- [Required action]
Once you have read the entries below, repeat all of them exactly.
↓↓↓
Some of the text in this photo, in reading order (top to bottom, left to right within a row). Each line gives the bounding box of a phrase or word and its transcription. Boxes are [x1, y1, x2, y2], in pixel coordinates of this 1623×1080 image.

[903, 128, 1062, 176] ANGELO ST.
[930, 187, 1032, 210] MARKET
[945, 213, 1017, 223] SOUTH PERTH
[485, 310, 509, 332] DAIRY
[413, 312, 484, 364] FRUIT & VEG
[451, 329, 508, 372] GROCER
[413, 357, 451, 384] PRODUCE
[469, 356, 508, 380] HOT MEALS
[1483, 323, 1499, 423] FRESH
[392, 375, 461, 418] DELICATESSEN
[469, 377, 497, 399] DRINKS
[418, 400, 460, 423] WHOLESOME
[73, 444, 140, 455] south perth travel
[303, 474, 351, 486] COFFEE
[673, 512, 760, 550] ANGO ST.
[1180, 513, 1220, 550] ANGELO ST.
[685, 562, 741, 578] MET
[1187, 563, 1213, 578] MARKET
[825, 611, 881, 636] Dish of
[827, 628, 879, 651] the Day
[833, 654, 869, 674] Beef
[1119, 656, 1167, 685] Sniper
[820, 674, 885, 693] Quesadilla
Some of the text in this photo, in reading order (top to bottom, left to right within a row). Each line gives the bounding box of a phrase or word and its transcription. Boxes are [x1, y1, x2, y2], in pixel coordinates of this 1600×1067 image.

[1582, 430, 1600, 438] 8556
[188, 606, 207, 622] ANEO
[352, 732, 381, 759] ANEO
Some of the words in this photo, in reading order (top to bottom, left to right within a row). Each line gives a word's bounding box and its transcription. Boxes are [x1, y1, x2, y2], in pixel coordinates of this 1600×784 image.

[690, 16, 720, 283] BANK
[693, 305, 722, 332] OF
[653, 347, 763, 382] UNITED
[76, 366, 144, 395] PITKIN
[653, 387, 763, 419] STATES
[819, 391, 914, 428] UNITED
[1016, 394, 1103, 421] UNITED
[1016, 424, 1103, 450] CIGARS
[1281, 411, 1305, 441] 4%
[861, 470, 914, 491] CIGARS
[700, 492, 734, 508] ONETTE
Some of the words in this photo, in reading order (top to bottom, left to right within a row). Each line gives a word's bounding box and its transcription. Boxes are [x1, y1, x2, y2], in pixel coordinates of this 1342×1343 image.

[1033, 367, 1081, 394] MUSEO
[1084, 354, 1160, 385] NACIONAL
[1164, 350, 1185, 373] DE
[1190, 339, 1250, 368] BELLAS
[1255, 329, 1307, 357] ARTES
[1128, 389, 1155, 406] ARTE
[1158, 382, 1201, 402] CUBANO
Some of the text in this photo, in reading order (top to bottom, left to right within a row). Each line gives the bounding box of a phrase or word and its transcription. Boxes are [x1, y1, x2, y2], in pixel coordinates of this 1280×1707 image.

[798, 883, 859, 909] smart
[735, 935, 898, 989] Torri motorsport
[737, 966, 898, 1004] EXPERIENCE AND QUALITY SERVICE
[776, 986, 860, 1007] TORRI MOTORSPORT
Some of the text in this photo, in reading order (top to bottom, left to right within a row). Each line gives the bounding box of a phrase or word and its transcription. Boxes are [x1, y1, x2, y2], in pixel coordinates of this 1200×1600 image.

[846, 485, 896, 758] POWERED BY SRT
↑↑↑
- [Answer space]
Some of the text in this photo, in reading order (top to bottom, left to right within a row). Each line gives the bounding box of a phrase or word and its transcription. Boxes are [x1, y1, x2, y2], in pixel coordinates of this 1623×1080 image.

[903, 128, 1062, 176] ANGELO ST.
[930, 187, 1032, 210] MARKET
[945, 213, 1017, 223] SOUTH PERTH
[485, 310, 509, 332] DAIRY
[413, 312, 484, 364] FRUIT & VEG
[451, 329, 508, 372] GROCER
[413, 357, 451, 384] PRODUCE
[469, 356, 508, 380] HOT MEALS
[1483, 323, 1499, 423] FRESH
[392, 375, 461, 418] DELICATESSEN
[469, 377, 497, 399] DRINKS
[418, 400, 460, 423] WHOLESOME
[73, 444, 140, 455] south perth travel
[303, 474, 351, 486] COFFEE
[673, 512, 760, 550] ANGO ST.
[1180, 513, 1220, 550] ANGELO ST.
[685, 562, 741, 578] MET
[1187, 563, 1213, 578] MARKET
[825, 611, 881, 636] Dish of
[827, 628, 879, 651] the Day
[833, 654, 869, 674] Beef
[1119, 656, 1167, 685] Sniper
[820, 674, 885, 693] Quesadilla
Some of the text in this photo, in reading order (top to bottom, left to right within a row). Each line gives the bounding box of a phrase or word and its transcription. Boxes are [x1, y1, x2, y2], in pixel coordinates of this 1600×1067 image.

[1582, 430, 1600, 438] 8556
[188, 606, 207, 622] ANEO
[352, 732, 381, 759] ANEO
Some of the words in this photo, in reading order (top to bottom, left to right within a row). Each line gives a word's bounding box and its transcription. Boxes are [x1, y1, x2, y2], in pixel coordinates of this 1600×784 image.

[690, 16, 720, 283] BANK
[693, 305, 722, 332] OF
[653, 347, 763, 382] UNITED
[76, 366, 144, 395] PITKIN
[653, 387, 763, 419] STATES
[819, 391, 914, 428] UNITED
[1016, 394, 1103, 421] UNITED
[1016, 424, 1103, 450] CIGARS
[1281, 411, 1305, 441] 4%
[861, 470, 914, 491] CIGARS
[700, 492, 734, 508] ONETTE
Some of the words in this photo, in reading order (top to bottom, left to right within a row). Each line gives a word's bounding box and its transcription. Boxes are [x1, y1, x2, y2], in pixel coordinates of this 1342×1343 image.

[1033, 367, 1081, 394] MUSEO
[1084, 354, 1160, 385] NACIONAL
[1164, 350, 1185, 373] DE
[1190, 339, 1250, 368] BELLAS
[1255, 329, 1307, 357] ARTES
[1128, 389, 1155, 406] ARTE
[1158, 382, 1201, 402] CUBANO
Some of the text in this photo, in reading order (top to bottom, left to right within a row). Each line gives the bounding box of a phrase or word and its transcription. Boxes are [x1, y1, x2, y2], in pixel coordinates of this 1280×1707 image.

[798, 883, 859, 909] smart
[735, 935, 898, 989] Torri motorsport
[737, 966, 898, 1004] EXPERIENCE AND QUALITY SERVICE
[776, 986, 860, 1007] TORRI MOTORSPORT
Some of the text in this photo, in reading order (top to bottom, left to right within a row). Each line gives the bounding box of a phrase or word and its transcription. Boxes are [x1, y1, x2, y2], in pixel coordinates of this 1200×1600 image.

[846, 485, 896, 758] POWERED BY SRT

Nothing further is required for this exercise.